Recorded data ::
"""

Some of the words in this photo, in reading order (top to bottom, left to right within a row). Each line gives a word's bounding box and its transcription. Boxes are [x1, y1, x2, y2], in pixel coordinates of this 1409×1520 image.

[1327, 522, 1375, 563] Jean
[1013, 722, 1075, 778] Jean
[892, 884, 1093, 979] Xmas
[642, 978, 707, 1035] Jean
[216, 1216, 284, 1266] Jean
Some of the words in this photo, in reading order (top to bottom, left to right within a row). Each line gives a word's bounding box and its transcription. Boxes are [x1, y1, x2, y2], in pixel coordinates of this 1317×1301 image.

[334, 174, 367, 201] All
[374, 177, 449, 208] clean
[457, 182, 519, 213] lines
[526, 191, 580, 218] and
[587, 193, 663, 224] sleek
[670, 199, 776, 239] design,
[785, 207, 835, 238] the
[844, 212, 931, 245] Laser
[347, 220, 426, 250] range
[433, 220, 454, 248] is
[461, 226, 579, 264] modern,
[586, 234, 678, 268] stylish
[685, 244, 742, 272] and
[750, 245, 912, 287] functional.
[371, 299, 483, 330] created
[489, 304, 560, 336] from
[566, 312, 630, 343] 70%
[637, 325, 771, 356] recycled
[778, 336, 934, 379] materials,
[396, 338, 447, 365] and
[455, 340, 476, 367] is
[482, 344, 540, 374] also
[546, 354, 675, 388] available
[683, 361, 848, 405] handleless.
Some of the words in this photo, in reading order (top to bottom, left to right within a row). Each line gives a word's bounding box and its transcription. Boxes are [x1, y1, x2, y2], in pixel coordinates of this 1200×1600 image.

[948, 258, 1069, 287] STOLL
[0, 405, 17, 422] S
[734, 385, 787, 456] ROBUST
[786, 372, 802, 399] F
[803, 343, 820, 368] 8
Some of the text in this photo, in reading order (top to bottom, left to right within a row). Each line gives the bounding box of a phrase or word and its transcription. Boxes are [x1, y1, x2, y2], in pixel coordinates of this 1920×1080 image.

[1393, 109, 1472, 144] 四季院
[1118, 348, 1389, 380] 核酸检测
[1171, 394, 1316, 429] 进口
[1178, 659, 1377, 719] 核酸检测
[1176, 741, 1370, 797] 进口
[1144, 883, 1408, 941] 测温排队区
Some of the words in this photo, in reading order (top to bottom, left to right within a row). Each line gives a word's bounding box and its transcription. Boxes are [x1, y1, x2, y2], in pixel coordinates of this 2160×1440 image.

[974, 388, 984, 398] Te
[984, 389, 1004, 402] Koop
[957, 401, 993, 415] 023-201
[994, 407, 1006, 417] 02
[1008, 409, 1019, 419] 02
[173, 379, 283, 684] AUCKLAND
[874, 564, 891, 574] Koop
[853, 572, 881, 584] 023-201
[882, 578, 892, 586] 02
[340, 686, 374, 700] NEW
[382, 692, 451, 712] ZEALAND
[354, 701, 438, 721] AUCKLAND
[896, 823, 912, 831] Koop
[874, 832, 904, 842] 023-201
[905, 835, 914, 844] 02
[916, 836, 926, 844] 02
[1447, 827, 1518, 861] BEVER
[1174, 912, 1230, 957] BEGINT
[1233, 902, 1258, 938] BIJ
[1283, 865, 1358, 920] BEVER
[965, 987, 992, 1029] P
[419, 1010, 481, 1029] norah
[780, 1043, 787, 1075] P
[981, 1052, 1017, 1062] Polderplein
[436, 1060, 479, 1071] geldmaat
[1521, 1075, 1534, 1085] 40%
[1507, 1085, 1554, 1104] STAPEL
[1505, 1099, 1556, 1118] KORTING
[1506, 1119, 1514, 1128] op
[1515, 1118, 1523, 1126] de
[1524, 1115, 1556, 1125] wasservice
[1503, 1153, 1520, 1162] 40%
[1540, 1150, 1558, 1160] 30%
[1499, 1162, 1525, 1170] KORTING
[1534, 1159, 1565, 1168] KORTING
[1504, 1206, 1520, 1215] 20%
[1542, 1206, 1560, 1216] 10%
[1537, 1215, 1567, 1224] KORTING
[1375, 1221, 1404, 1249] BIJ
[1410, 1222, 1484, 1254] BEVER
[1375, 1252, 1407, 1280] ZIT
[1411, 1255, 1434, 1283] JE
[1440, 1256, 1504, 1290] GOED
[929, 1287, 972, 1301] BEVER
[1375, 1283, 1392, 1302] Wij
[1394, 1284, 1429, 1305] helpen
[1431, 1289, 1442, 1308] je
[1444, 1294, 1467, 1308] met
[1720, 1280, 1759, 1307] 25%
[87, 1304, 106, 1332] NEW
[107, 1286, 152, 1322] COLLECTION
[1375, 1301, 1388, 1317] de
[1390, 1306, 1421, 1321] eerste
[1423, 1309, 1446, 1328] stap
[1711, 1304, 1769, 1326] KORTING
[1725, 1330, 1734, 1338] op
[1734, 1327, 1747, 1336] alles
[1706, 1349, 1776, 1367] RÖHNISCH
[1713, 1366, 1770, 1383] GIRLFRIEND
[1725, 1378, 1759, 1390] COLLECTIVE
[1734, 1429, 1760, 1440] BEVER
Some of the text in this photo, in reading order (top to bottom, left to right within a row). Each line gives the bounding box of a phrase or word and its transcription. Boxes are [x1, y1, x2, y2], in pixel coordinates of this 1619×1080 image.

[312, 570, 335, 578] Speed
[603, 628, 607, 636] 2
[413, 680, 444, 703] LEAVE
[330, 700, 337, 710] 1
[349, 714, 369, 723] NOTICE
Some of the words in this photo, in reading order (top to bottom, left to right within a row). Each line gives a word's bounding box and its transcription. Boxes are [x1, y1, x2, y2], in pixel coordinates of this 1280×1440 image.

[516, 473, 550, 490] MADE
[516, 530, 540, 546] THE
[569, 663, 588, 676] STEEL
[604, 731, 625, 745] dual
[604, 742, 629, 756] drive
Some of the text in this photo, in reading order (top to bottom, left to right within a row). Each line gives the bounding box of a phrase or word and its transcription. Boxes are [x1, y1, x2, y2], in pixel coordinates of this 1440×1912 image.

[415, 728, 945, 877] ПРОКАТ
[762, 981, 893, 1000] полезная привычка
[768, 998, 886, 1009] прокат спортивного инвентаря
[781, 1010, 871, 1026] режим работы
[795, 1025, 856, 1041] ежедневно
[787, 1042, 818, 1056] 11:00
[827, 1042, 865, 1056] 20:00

"""

Description of the task ::
Reproduce all the records shown above, unchanged.

Written reply ::
Some of the words in this photo, in reading order (top to bottom, left to right within a row). Each line gives a word's bounding box and its transcription. Boxes are [x1, y1, x2, y2], in pixel coordinates of this 1409×1520 image.

[1327, 522, 1375, 563] Jean
[1013, 722, 1075, 778] Jean
[892, 884, 1093, 979] Xmas
[642, 978, 707, 1035] Jean
[216, 1216, 284, 1266] Jean
Some of the words in this photo, in reading order (top to bottom, left to right within a row). Each line gives a word's bounding box and its transcription. Boxes are [x1, y1, x2, y2], in pixel coordinates of this 1317×1301 image.

[334, 174, 367, 201] All
[374, 177, 449, 208] clean
[457, 182, 519, 213] lines
[526, 191, 580, 218] and
[587, 193, 663, 224] sleek
[670, 199, 776, 239] design,
[785, 207, 835, 238] the
[844, 212, 931, 245] Laser
[347, 220, 426, 250] range
[433, 220, 454, 248] is
[461, 226, 579, 264] modern,
[586, 234, 678, 268] stylish
[685, 244, 742, 272] and
[750, 245, 912, 287] functional.
[371, 299, 483, 330] created
[489, 304, 560, 336] from
[566, 312, 630, 343] 70%
[637, 325, 771, 356] recycled
[778, 336, 934, 379] materials,
[396, 338, 447, 365] and
[455, 340, 476, 367] is
[482, 344, 540, 374] also
[546, 354, 675, 388] available
[683, 361, 848, 405] handleless.
Some of the words in this photo, in reading order (top to bottom, left to right within a row). Each line gives a word's bounding box and its transcription. Boxes are [x1, y1, x2, y2], in pixel coordinates of this 1200×1600 image.

[948, 258, 1069, 287] STOLL
[0, 405, 17, 422] S
[734, 385, 787, 456] ROBUST
[786, 372, 802, 399] F
[803, 343, 820, 368] 8
Some of the text in this photo, in reading order (top to bottom, left to right within a row). Each line gives the bounding box of a phrase or word and its transcription. Boxes are [x1, y1, x2, y2], in pixel coordinates of this 1920×1080 image.

[1393, 109, 1472, 144] 四季院
[1118, 348, 1389, 380] 核酸检测
[1171, 394, 1316, 429] 进口
[1178, 659, 1377, 719] 核酸检测
[1176, 741, 1370, 797] 进口
[1144, 883, 1408, 941] 测温排队区
Some of the words in this photo, in reading order (top to bottom, left to right within a row). Each line gives a word's bounding box and its transcription. Boxes are [x1, y1, x2, y2], in pixel coordinates of this 2160×1440 image.

[974, 388, 984, 398] Te
[984, 389, 1004, 402] Koop
[957, 401, 993, 415] 023-201
[994, 407, 1006, 417] 02
[1008, 409, 1019, 419] 02
[173, 379, 283, 684] AUCKLAND
[874, 564, 891, 574] Koop
[853, 572, 881, 584] 023-201
[882, 578, 892, 586] 02
[340, 686, 374, 700] NEW
[382, 692, 451, 712] ZEALAND
[354, 701, 438, 721] AUCKLAND
[896, 823, 912, 831] Koop
[874, 832, 904, 842] 023-201
[905, 835, 914, 844] 02
[916, 836, 926, 844] 02
[1447, 827, 1518, 861] BEVER
[1174, 912, 1230, 957] BEGINT
[1233, 902, 1258, 938] BIJ
[1283, 865, 1358, 920] BEVER
[965, 987, 992, 1029] P
[419, 1010, 481, 1029] norah
[780, 1043, 787, 1075] P
[981, 1052, 1017, 1062] Polderplein
[436, 1060, 479, 1071] geldmaat
[1521, 1075, 1534, 1085] 40%
[1507, 1085, 1554, 1104] STAPEL
[1505, 1099, 1556, 1118] KORTING
[1506, 1119, 1514, 1128] op
[1515, 1118, 1523, 1126] de
[1524, 1115, 1556, 1125] wasservice
[1503, 1153, 1520, 1162] 40%
[1540, 1150, 1558, 1160] 30%
[1499, 1162, 1525, 1170] KORTING
[1534, 1159, 1565, 1168] KORTING
[1504, 1206, 1520, 1215] 20%
[1542, 1206, 1560, 1216] 10%
[1537, 1215, 1567, 1224] KORTING
[1375, 1221, 1404, 1249] BIJ
[1410, 1222, 1484, 1254] BEVER
[1375, 1252, 1407, 1280] ZIT
[1411, 1255, 1434, 1283] JE
[1440, 1256, 1504, 1290] GOED
[929, 1287, 972, 1301] BEVER
[1375, 1283, 1392, 1302] Wij
[1394, 1284, 1429, 1305] helpen
[1431, 1289, 1442, 1308] je
[1444, 1294, 1467, 1308] met
[1720, 1280, 1759, 1307] 25%
[87, 1304, 106, 1332] NEW
[107, 1286, 152, 1322] COLLECTION
[1375, 1301, 1388, 1317] de
[1390, 1306, 1421, 1321] eerste
[1423, 1309, 1446, 1328] stap
[1711, 1304, 1769, 1326] KORTING
[1725, 1330, 1734, 1338] op
[1734, 1327, 1747, 1336] alles
[1706, 1349, 1776, 1367] RÖHNISCH
[1713, 1366, 1770, 1383] GIRLFRIEND
[1725, 1378, 1759, 1390] COLLECTIVE
[1734, 1429, 1760, 1440] BEVER
Some of the text in this photo, in reading order (top to bottom, left to right within a row). Each line gives the bounding box of a phrase or word and its transcription. Boxes are [x1, y1, x2, y2], in pixel coordinates of this 1619×1080 image.

[312, 570, 335, 578] Speed
[603, 628, 607, 636] 2
[413, 680, 444, 703] LEAVE
[330, 700, 337, 710] 1
[349, 714, 369, 723] NOTICE
Some of the words in this photo, in reading order (top to bottom, left to right within a row). Each line gives a word's bounding box and its transcription. Boxes are [x1, y1, x2, y2], in pixel coordinates of this 1280×1440 image.

[516, 473, 550, 490] MADE
[516, 530, 540, 546] THE
[569, 663, 588, 676] STEEL
[604, 731, 625, 745] dual
[604, 742, 629, 756] drive
Some of the text in this photo, in reading order (top to bottom, left to right within a row). Each line gives the bounding box of a phrase or word and its transcription. Boxes are [x1, y1, x2, y2], in pixel coordinates of this 1440×1912 image.

[415, 728, 945, 877] ПРОКАТ
[762, 981, 893, 1000] полезная привычка
[768, 998, 886, 1009] прокат спортивного инвентаря
[781, 1010, 871, 1026] режим работы
[795, 1025, 856, 1041] ежедневно
[787, 1042, 818, 1056] 11:00
[827, 1042, 865, 1056] 20:00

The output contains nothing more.